Although Discovery Labs believes that it will be successful in securing strategic partners and capital to support its ongoing research and development activities and its future financial condition, there can be no assurance that any strategic alliance or other financing alternatives will be successfully concluded. Furthermore, until any such strategic alliances or other financing alternatives are successfully secured, Discovery Labs will continue to conserve its financial resources by predominantly curtailing investments in its pipeline programs.

The following are selected updates on Discovery Labs' KL4 surfactant pipeline.
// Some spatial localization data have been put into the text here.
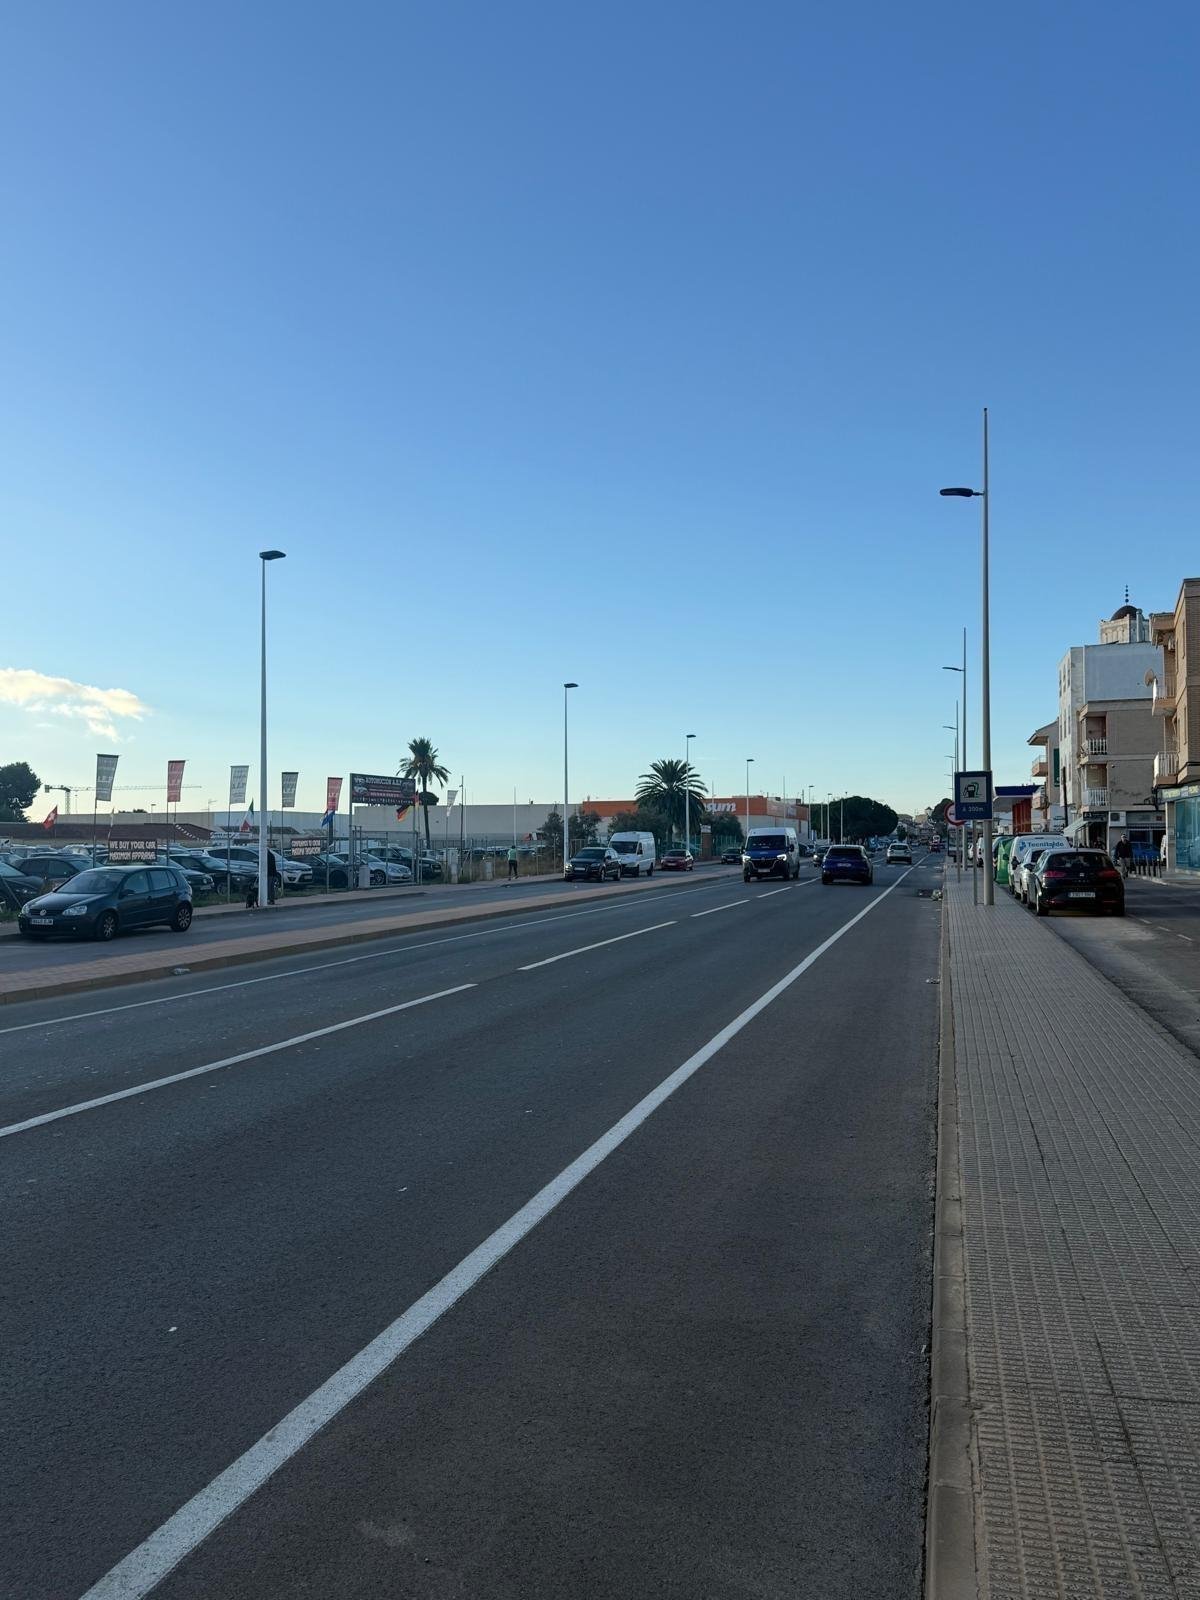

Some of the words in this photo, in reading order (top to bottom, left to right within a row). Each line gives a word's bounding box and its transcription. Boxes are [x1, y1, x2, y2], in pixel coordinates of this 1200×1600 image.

[109, 840, 118, 849] WE
[119, 840, 129, 850] BUY
[130, 840, 145, 849] YOUR
[145, 840, 156, 849] CAR
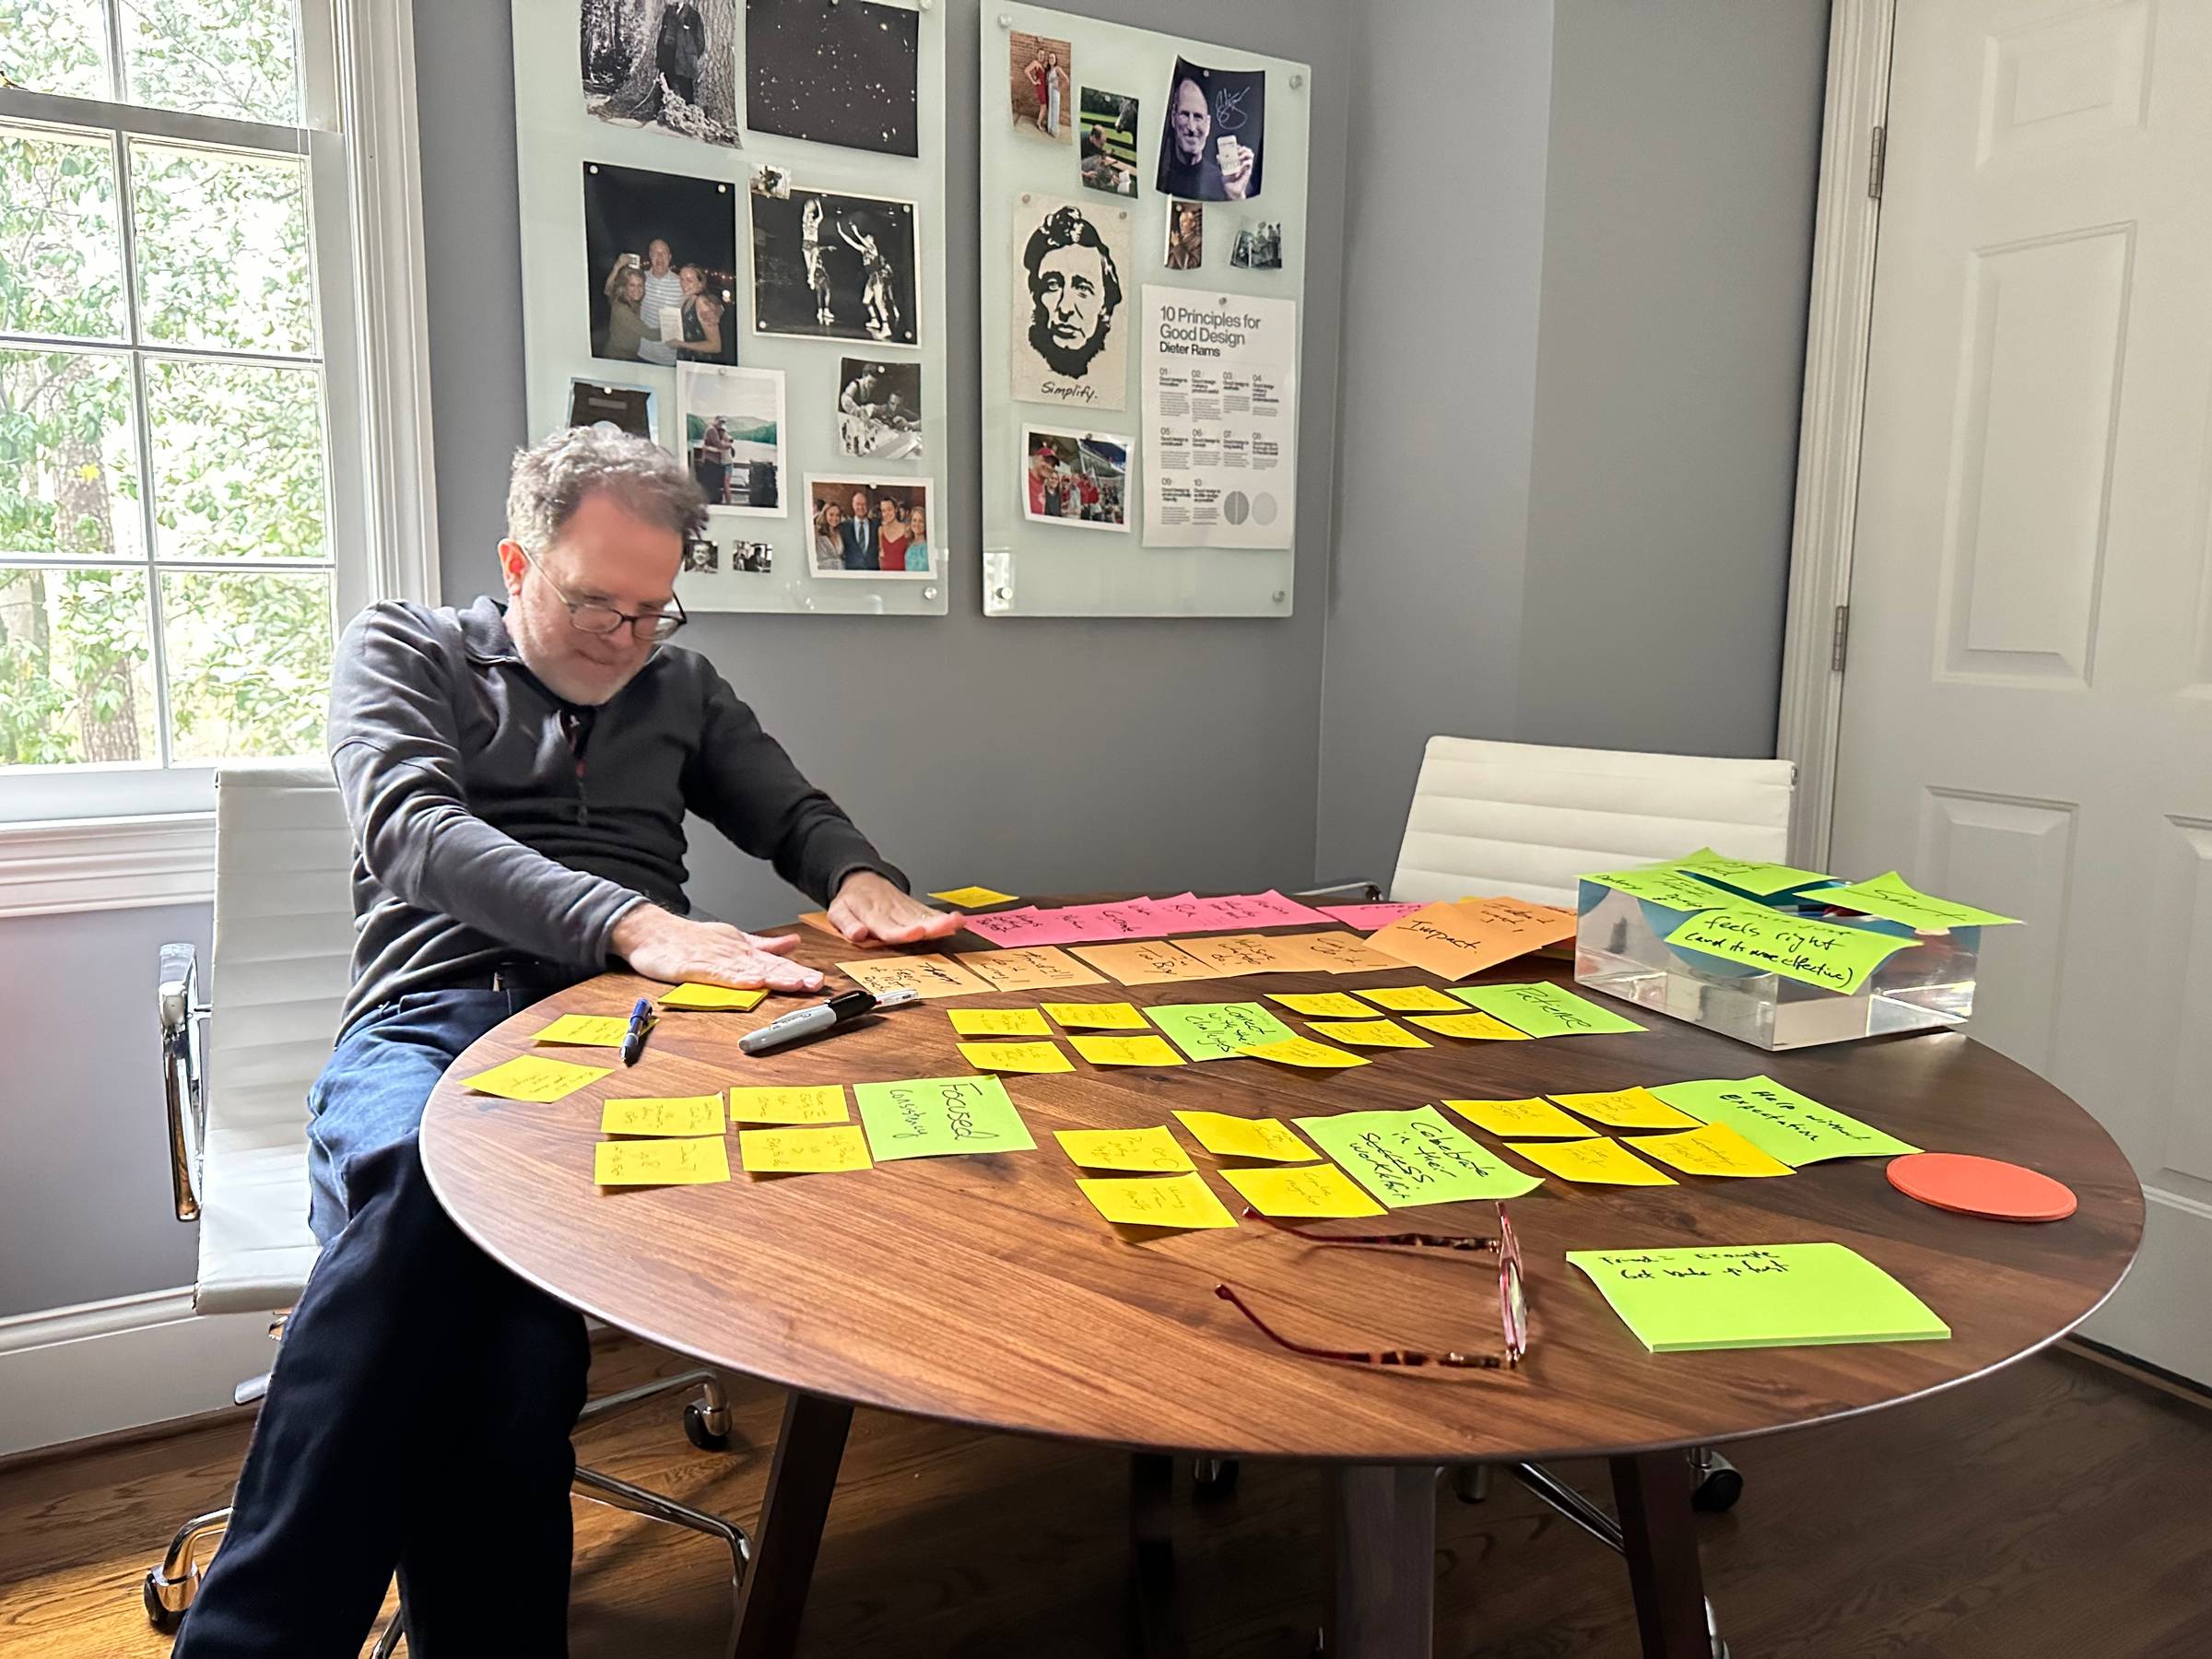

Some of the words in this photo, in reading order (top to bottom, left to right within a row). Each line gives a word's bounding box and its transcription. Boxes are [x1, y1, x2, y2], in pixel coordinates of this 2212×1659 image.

[1160, 306, 1175, 322] 10
[1178, 308, 1241, 329] Principles
[1243, 314, 1261, 329] for
[1159, 324, 1196, 341] Good
[1199, 327, 1245, 347] Design
[1159, 341, 1189, 355] Dieter
[1191, 344, 1220, 357] Rams
[1775, 933, 1845, 956] right
[939, 1083, 1000, 1141] Focused
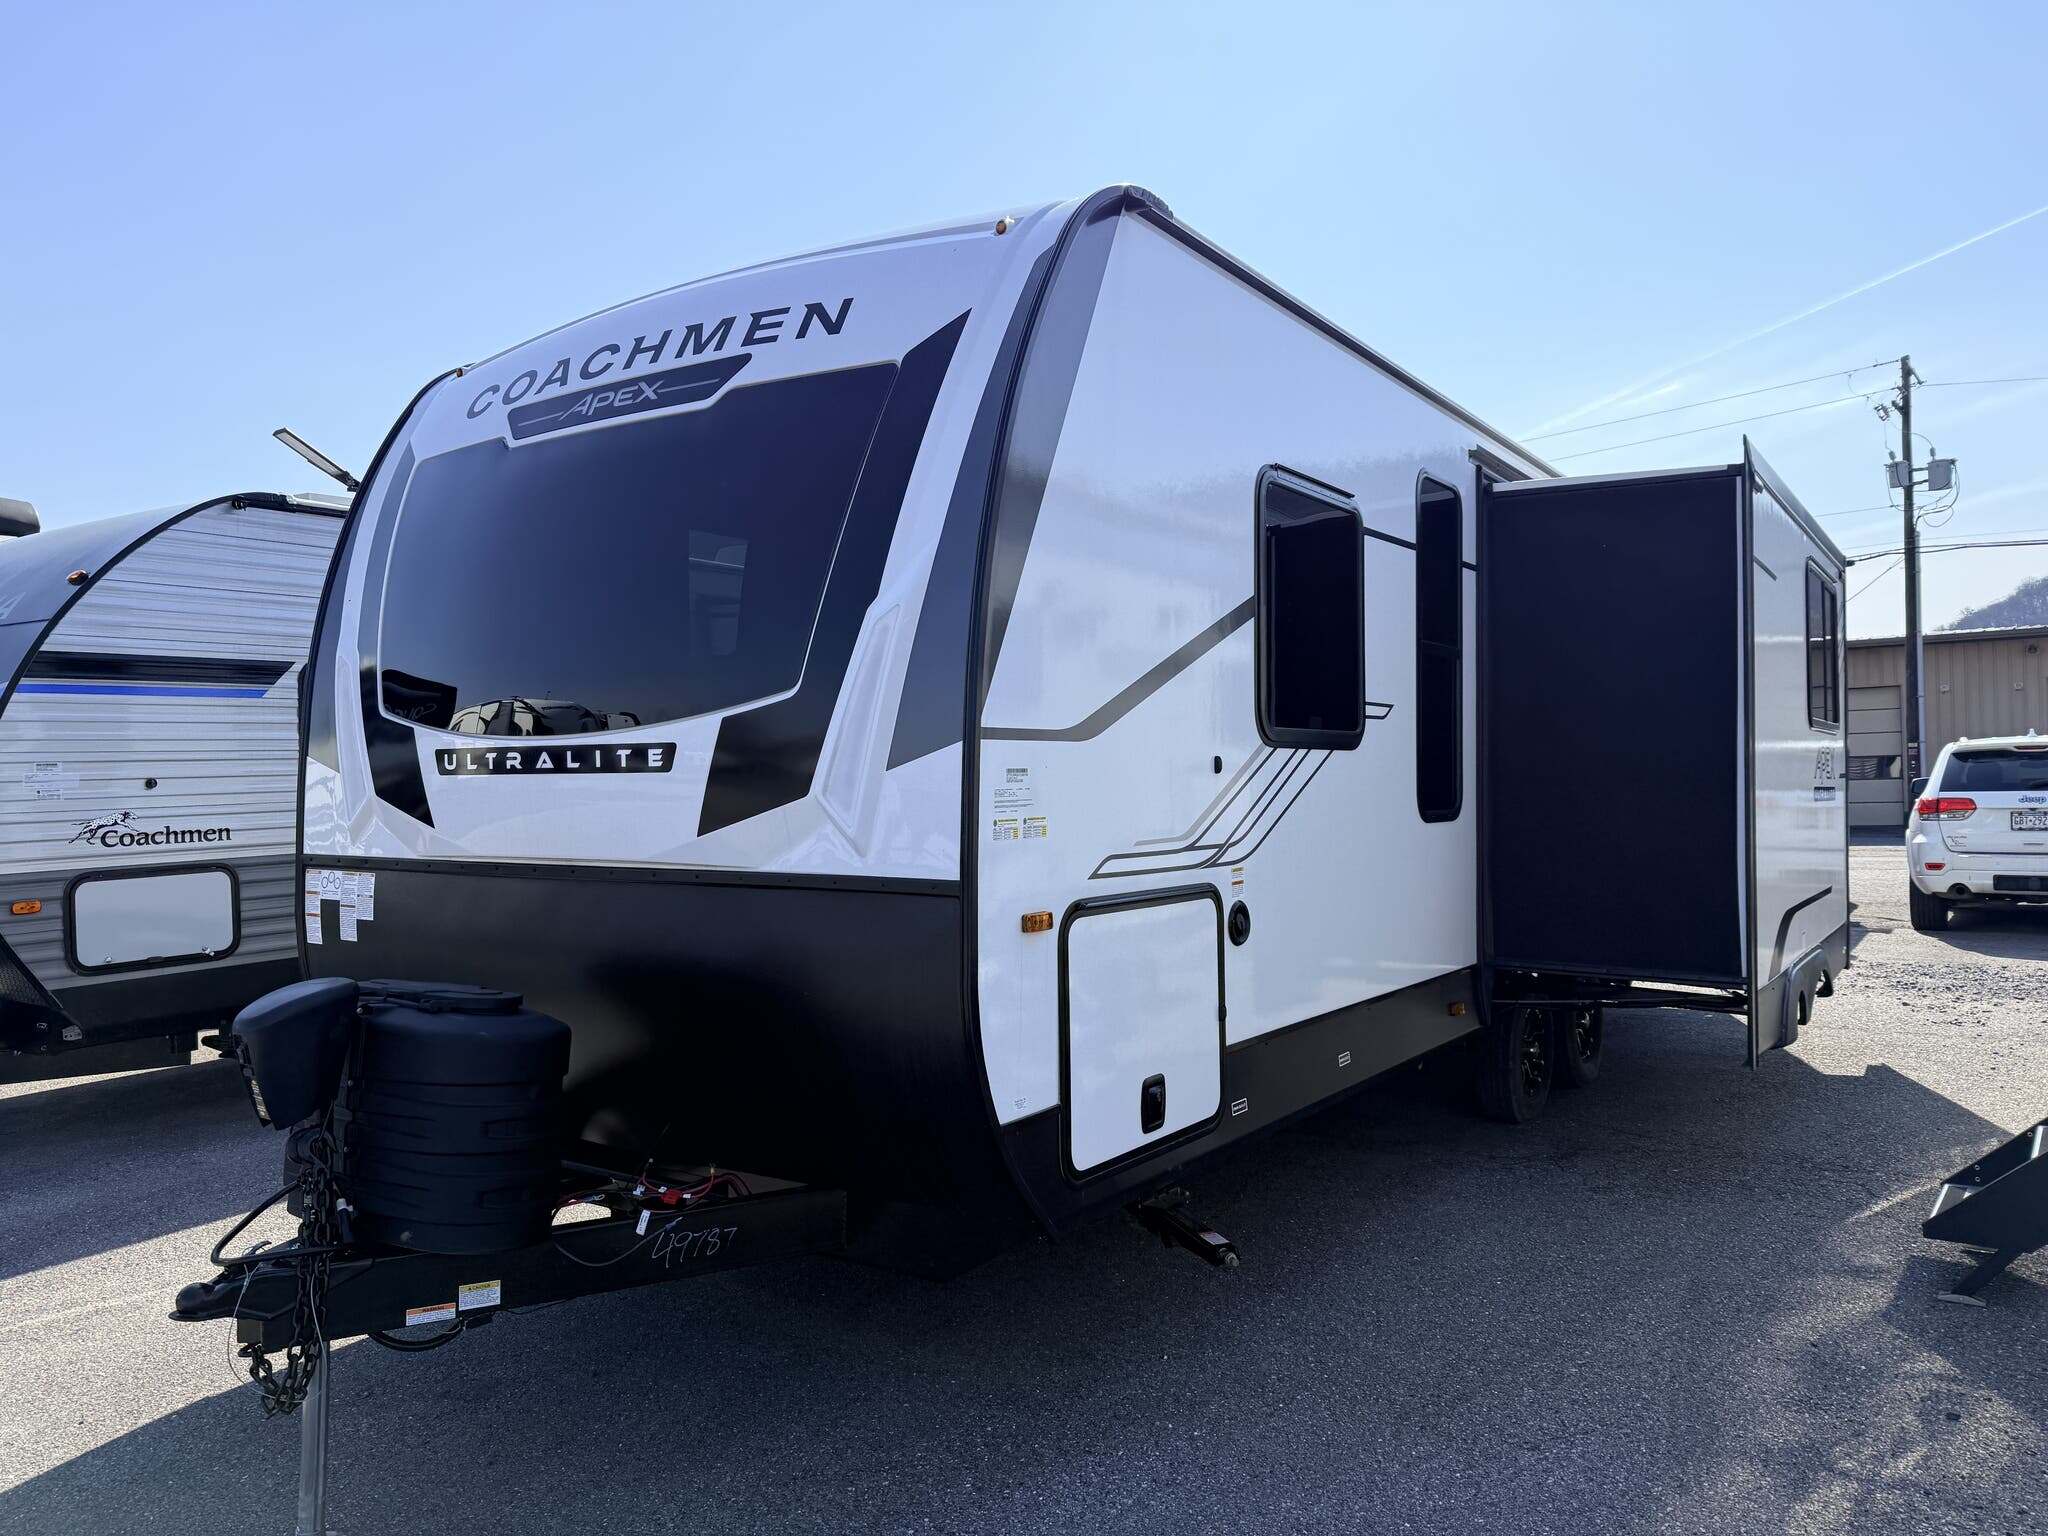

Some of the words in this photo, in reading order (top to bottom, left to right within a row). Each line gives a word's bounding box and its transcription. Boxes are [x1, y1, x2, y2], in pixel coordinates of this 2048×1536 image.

[467, 297, 854, 420] COACHMEN
[559, 379, 663, 421] APEX
[444, 748, 665, 771] ULTRALITE
[100, 826, 232, 848] Coachmen
[652, 1226, 738, 1269] 49787
Respiratory Distress Syndrome (RDS) - RDS is one of the most common, potentially life-threatening pediatric respiratory disorders, with more than 500,000 low-birth-weight premature infants at risk globally each year. However, today fewer than 200,000 infants receive the currently-approved, animal-derived surfactants. Discovery Labs' portfolio of programs focusing on RDS has the potential to redefine the management of RDS and expand the use of surfactants in the neonatal intensive care unit (NICU). Discovery Labs' advanced-staged RDS programs include:

       Surfaxin(R)

Surfaxin, Discovery Labs' first KL4 surfactant product candidate, has demonstrated clinically meaningful survival and morbidity-lessening advantages versus comparator surfactants (the current standard of care). Discovery Labs participated in a September 29, 2009 meeting with the FDA to discuss the key remaining issue that must be addressed to potentially gain U.S. marketing approval of Surfaxin for the prevention of RDS in premature infants, as well as Discovery Labs' plans regarding optimization and final method validation of its fetal rabbit Biological Activity Test (BAT, a quality control and stability release test) and a proposed limited clinical trial. The trial would be designed to primarily assess a pharmacodynamic (PD) response following Surfaxin administration in premature infants diagnosed with RDS. During the conduct of this trial, the newly-optimized BAT would be employed as a quality test of the Surfaxin drug product used in the proposed clinical trial. As a result of this meeting, Discovery Labs believes that it has reached an understanding with the FDA and that it will be able to optimize the BAT to the satisfaction of the FDA. The FDA has indicated that a PD-based approach is consistent with their expectation for a limited clinical trial and also provided direction regarding trial design specifics.